● Exercise details: Copy every record below exactly as written, but leave out the pictures.

--------------------

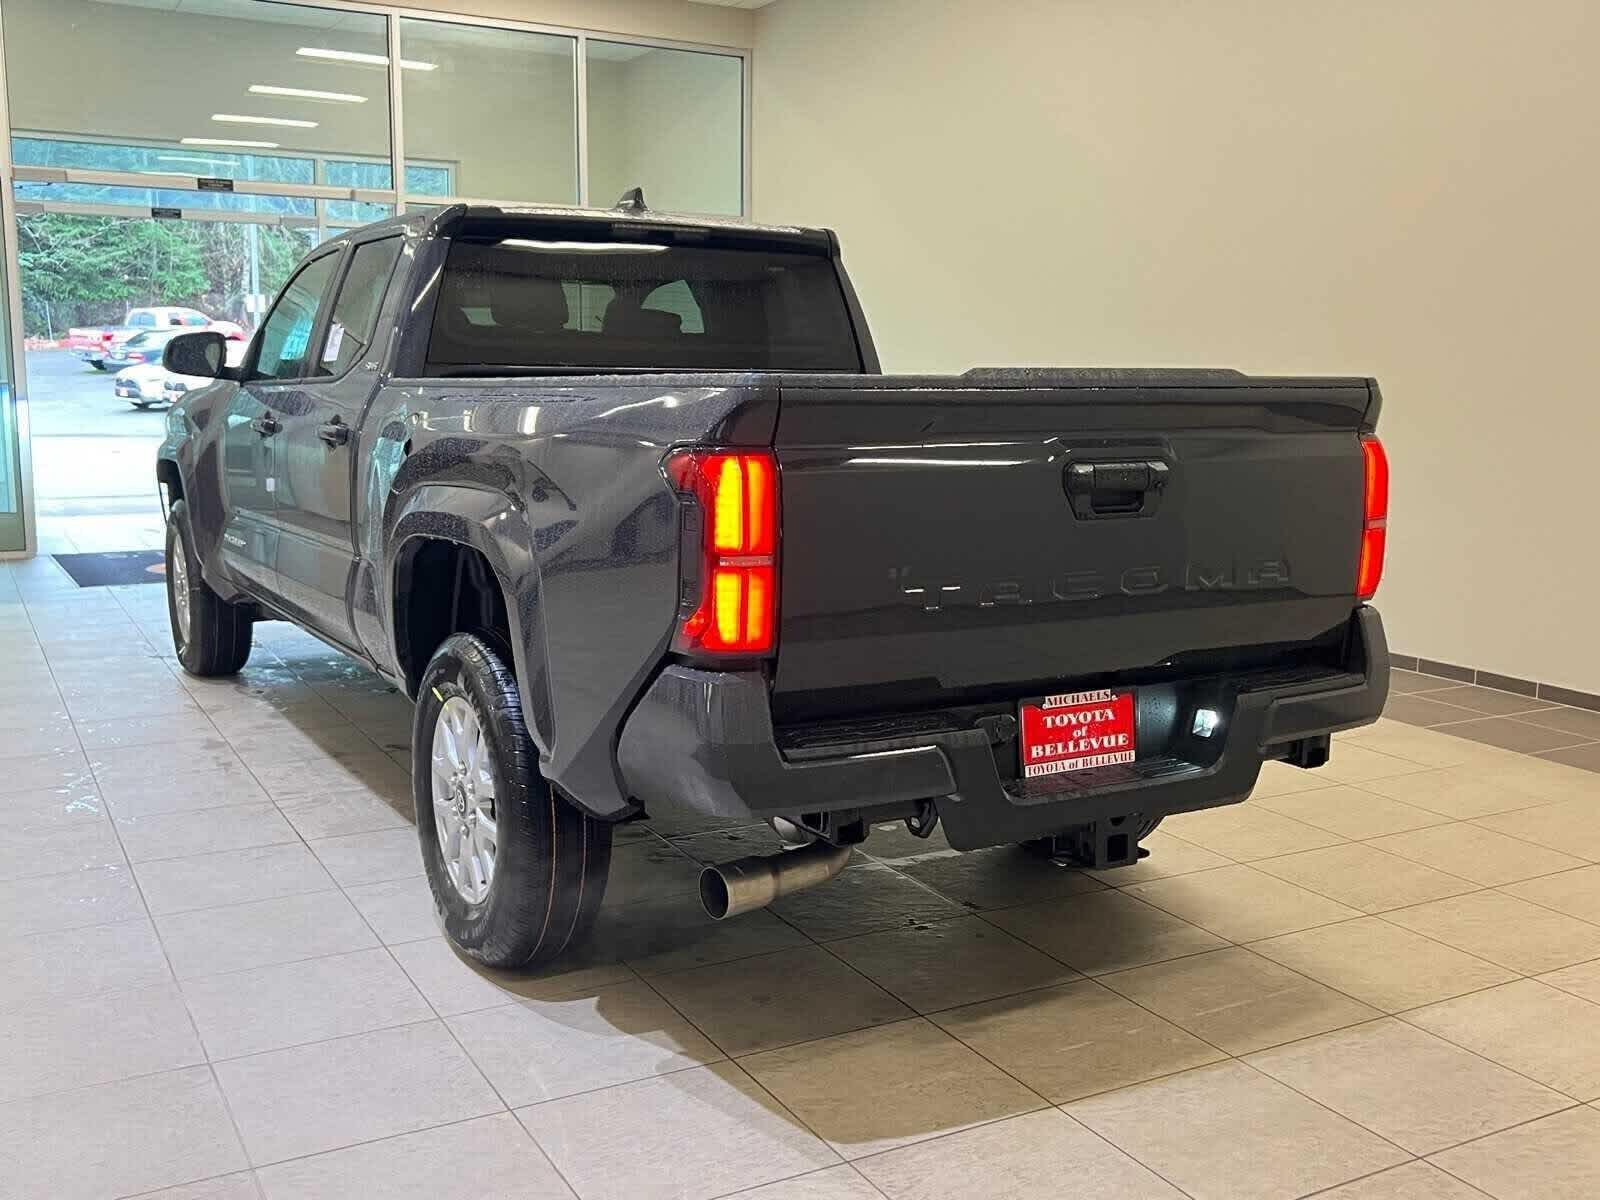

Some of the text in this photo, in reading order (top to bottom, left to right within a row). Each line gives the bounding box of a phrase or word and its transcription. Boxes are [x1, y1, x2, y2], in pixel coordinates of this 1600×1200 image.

[894, 559, 1291, 610] TACOMA
[1046, 690, 1110, 706] MICHAELS
[1043, 708, 1115, 728] TOYOTA
[1072, 726, 1088, 738] of
[1031, 733, 1129, 758] BELLEVUE
[1027, 751, 1134, 776] TOYOTA of BELLEVUE
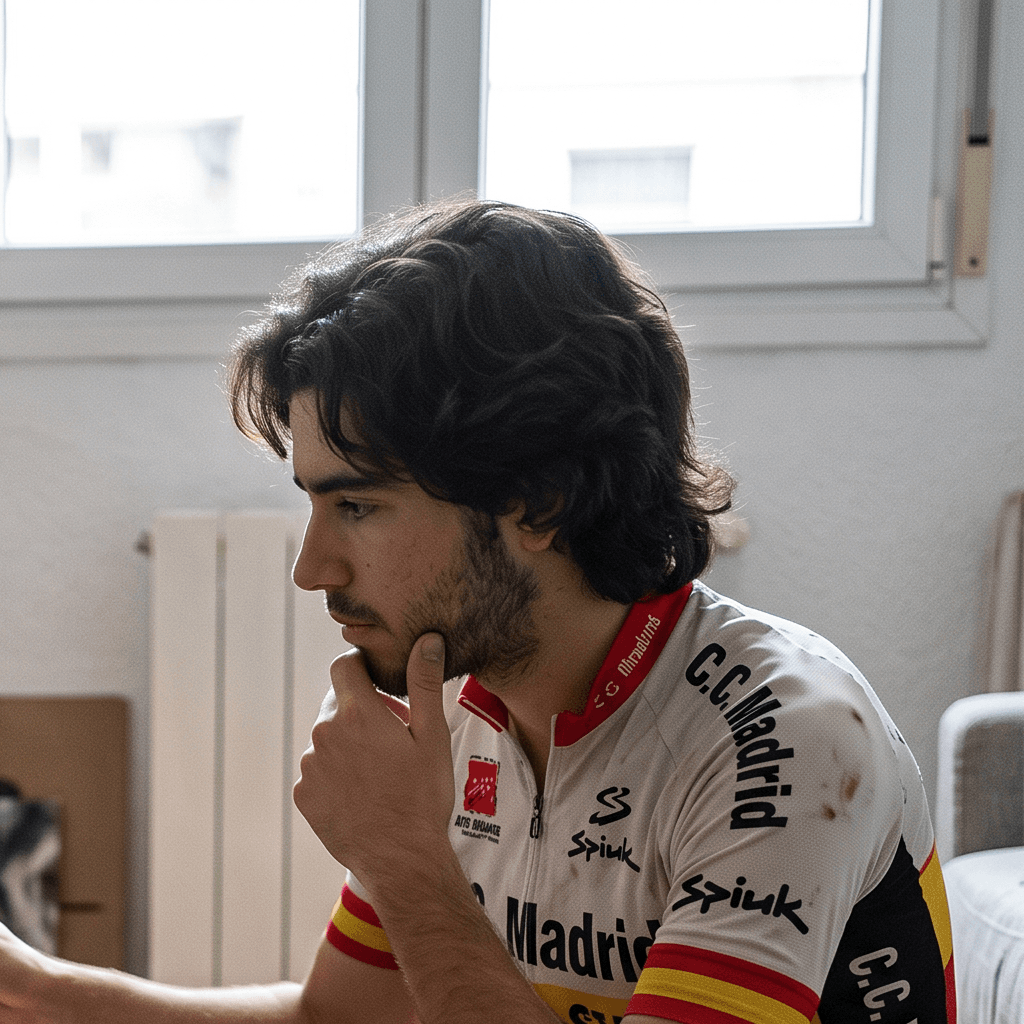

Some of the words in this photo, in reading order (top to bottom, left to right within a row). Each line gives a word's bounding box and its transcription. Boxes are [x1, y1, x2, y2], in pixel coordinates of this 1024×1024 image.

[568, 829, 641, 873] Spiuk
[672, 874, 809, 935] Spiuk
[849, 946, 911, 1022] C.C.
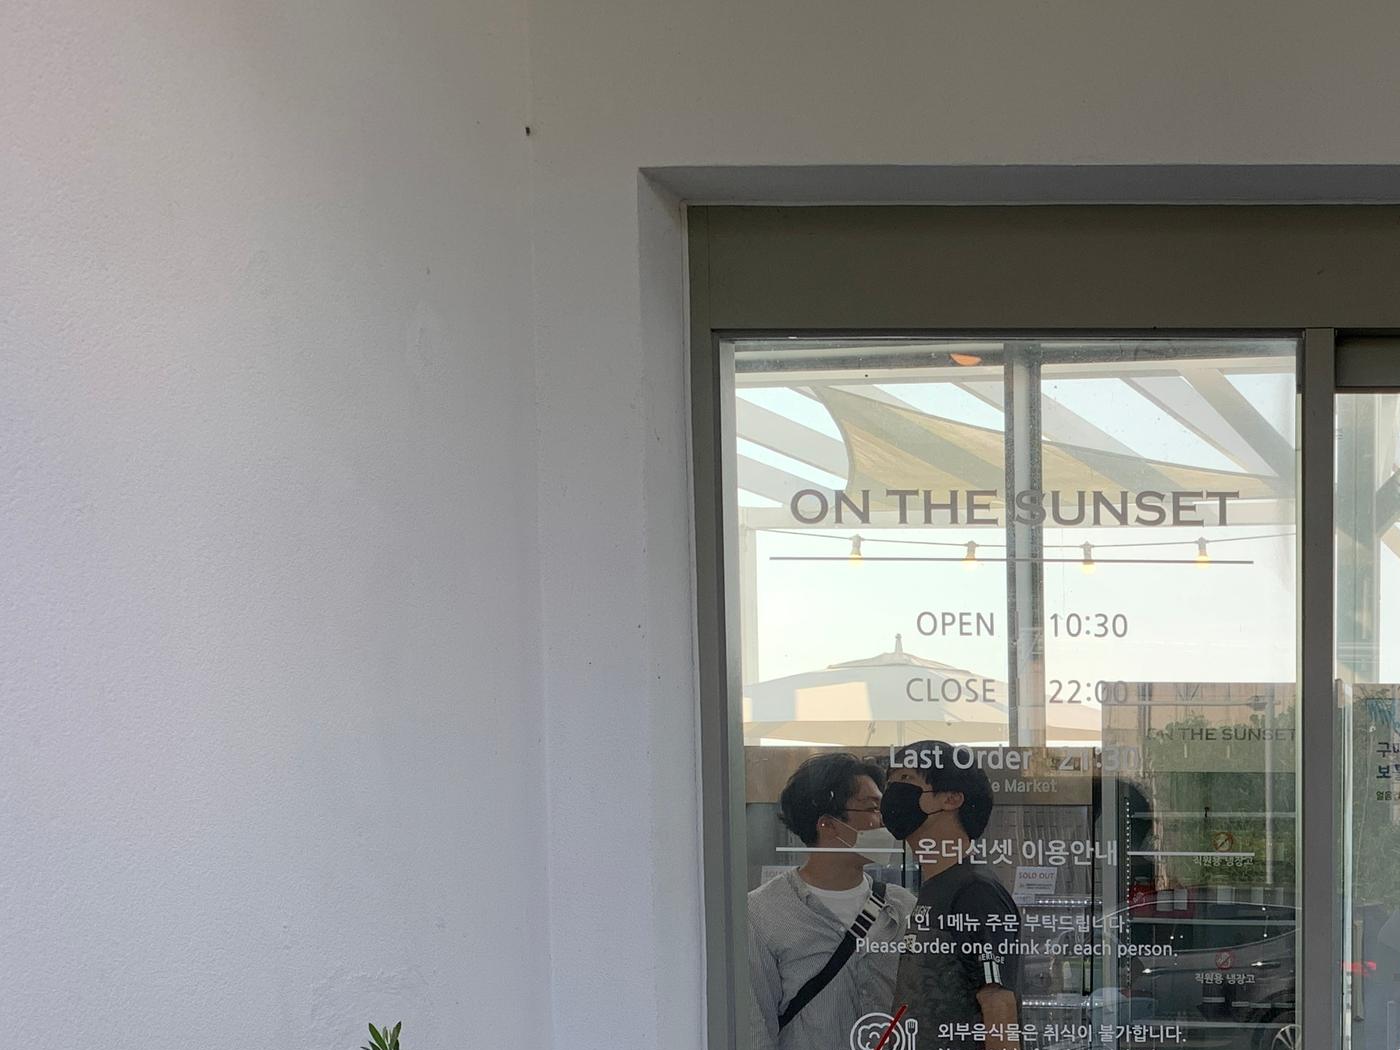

--------------------

● Result of this exercise:
Some of the text in this photo, in reading order (top to bottom, left to right within a row). Each line gives the bounding box of a phrase or word and its transcription. Boxes are [x1, y1, x2, y2], in pixel coordinates of this 1600×1200 image.

[894, 559, 1291, 610] TACOMA
[1046, 690, 1110, 706] MICHAELS
[1043, 708, 1115, 728] TOYOTA
[1072, 726, 1088, 738] of
[1031, 733, 1129, 758] BELLEVUE
[1027, 751, 1134, 776] TOYOTA of BELLEVUE

Some of the words in this photo, in reading order (top to bottom, left to right within a row). Each line gives a word's bounding box and its transcription. Boxes are [x1, y1, x2, y2], in pixel coordinates of this 1024×1024 image.

[568, 829, 641, 873] Spiuk
[672, 874, 809, 935] Spiuk
[849, 946, 911, 1022] C.C.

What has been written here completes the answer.